La tauromaquia de Fandila en estado de ebullición se reeditó en el quinto; la mixtura con la capa, en esta ocasión, varió con el quite por zapopinas que antecedió al segundo tercio en el que volvió a brillar con dos pares al violín marca de la casa. Los rodillazos iniciales con la muleta fueron acompañados por el toreo templado con la mano derecha en tanto el toro tuvo recorrido, la factura cambio con los circulares, los molinetes y los desplantes postreros con la parroquia entregada en un graderío al rojo vivo.

El torero francés Sebastián Castella mostró en el redondel belmontino una dimensión diferente pues, debió plantarle cara a dos rivales complicados que exigieron carácter, oficio y voluntad. Las verónicas al tercero se completaron con las vistosas tafalleras; más tarde, la muleta fue manejada con mayor desahogo con la izquierda en series de mano baja;  por el pitón contrario, los amagos del astado impidieron que su quehacer tome vuelo, pese a ello fue ovacionado.

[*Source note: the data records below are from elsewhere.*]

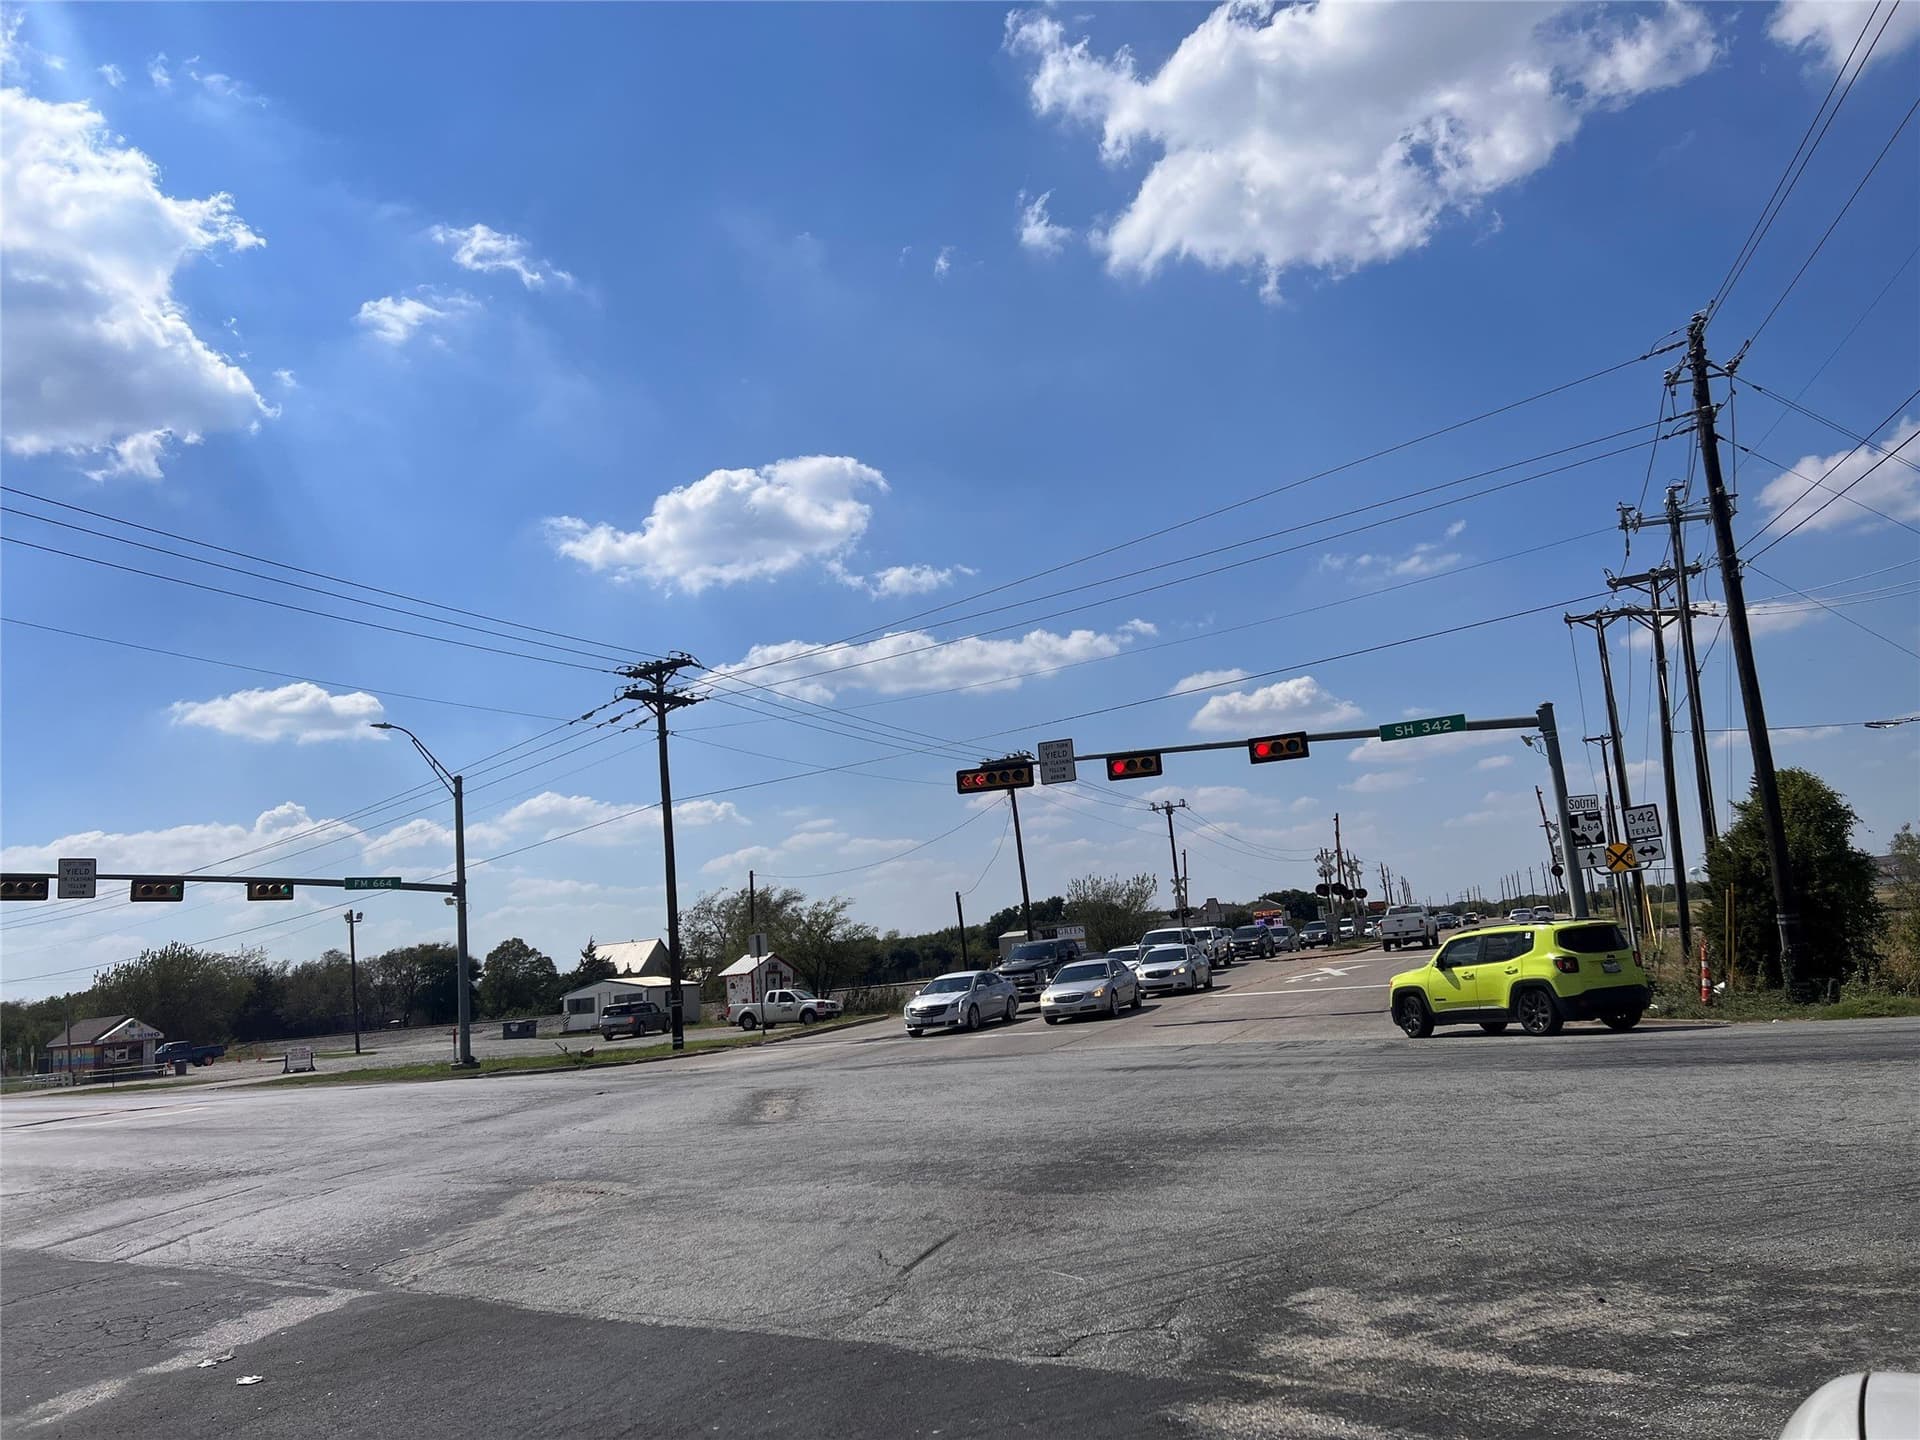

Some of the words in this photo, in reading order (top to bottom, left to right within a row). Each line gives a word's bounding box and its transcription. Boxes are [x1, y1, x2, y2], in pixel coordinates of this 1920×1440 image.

[1395, 724, 1414, 736] SH
[1422, 720, 1451, 733] 342
[1045, 750, 1068, 759] YIELD
[1568, 798, 1596, 810] SOUTH
[1628, 810, 1655, 825] 342
[1581, 822, 1599, 832] 664
[1632, 825, 1657, 835] TEXAS
[1607, 855, 1613, 863] R
[1627, 854, 1633, 863] R
[354, 880, 368, 888] FM
[372, 879, 392, 887] 664
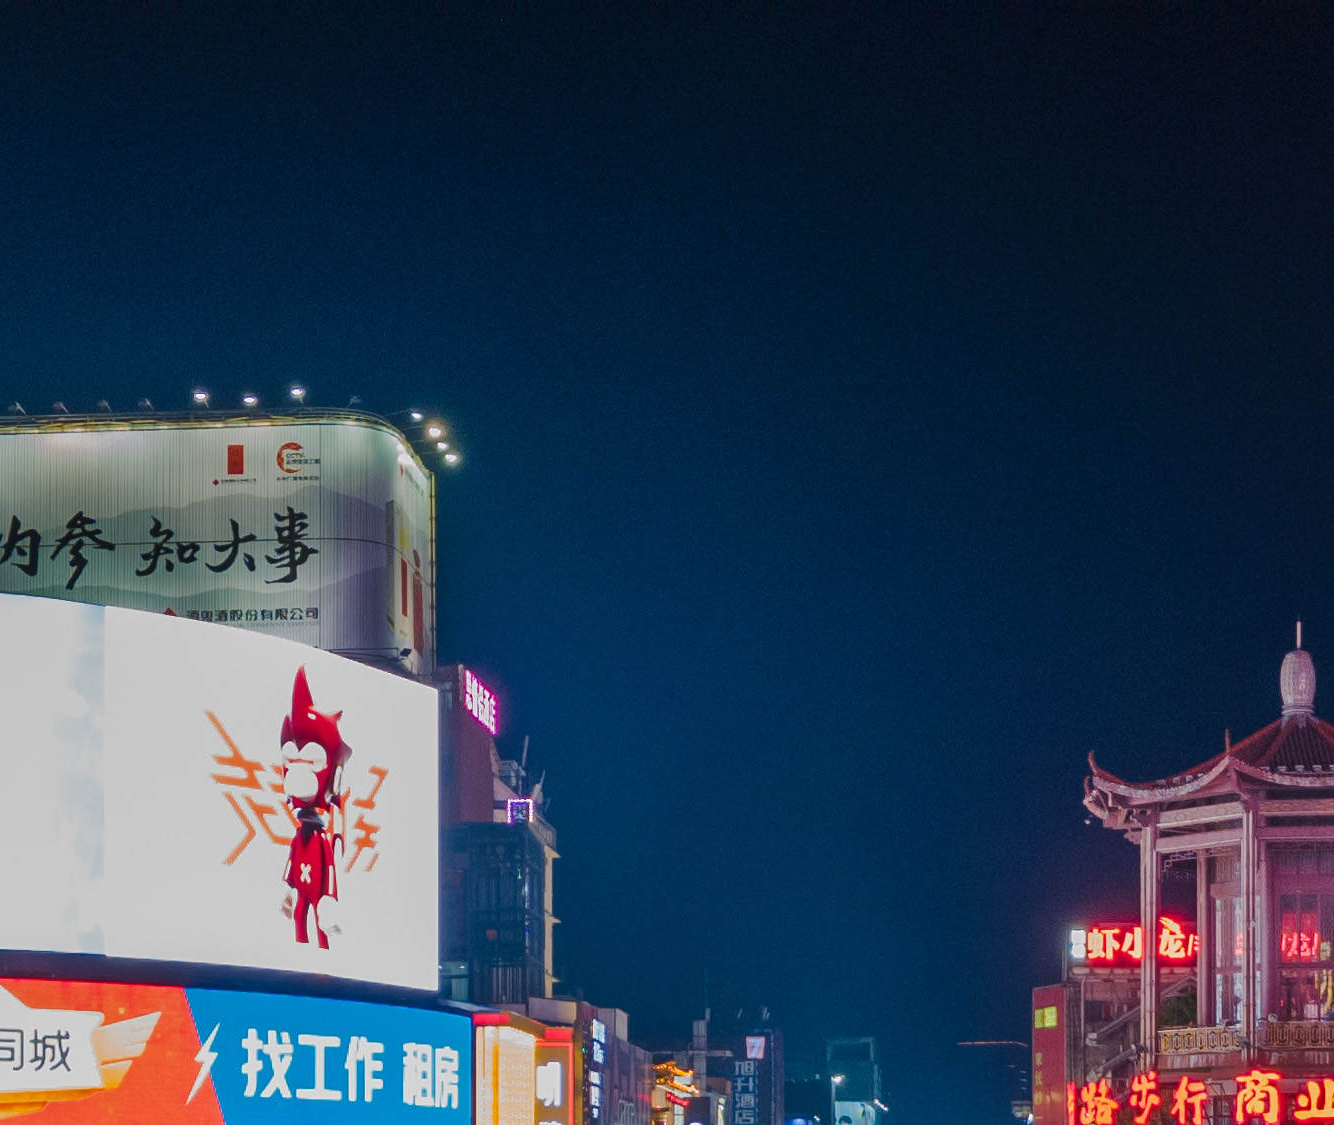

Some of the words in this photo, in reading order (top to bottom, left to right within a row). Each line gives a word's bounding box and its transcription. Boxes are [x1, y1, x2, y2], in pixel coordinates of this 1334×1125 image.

[136, 506, 319, 584] 知大事
[241, 1028, 384, 1101] 找工作
[402, 1042, 459, 1109] 租房

Del sexto  Sebastián recogió el doble trofeo tras una pundonorosa labor con base en la firmeza y la quietud para domeñar con la muleta correosas embestidas, desde un apretado pase cambiado hasta las series con la diestra; buscó intercalar el toreo al natural de forma intermitente para volver a centrar al toro por derechazos en pases de fino trazo. Los adornos finales fueron el colorido epílogo de su quehacer.

A la hora de la ronda los quiteños se marcharon a sus hogares satisfechos por el espectáculo vivido, las emociones sentidas y por la entusiasta práctica de los trinos que volaron conectando al mundo con el #QuitoTaurino.

Ficha
Quito, Ecuador.- Plaza Belmonte. Decimosegundo festival de la Virgen de la Esperanza de Triana. Lleno de "No hay billetes" en noche fresca. Novillos de Triana (1o., 2o. y 3o.) y Huagrahuasi, de variado comportamiento. Pesos: 410, 420, 403, 400, 402 y 410 kilos. Enrique Ponce: Oreja y ovación. David Fandila "El Fandi": Dos orejas y dos orejas. Sebastián Castella: Ovación y dos orejas. Incidencias: Las orejas concedidas son simbólicas, ya que en Quito se mantiene la prohibición de dar muerte a los toros. Los novillos llevaron por nombre "Tradición", "Cultura", "Respeto", "Trabajo", "Alegría" y "Pasión".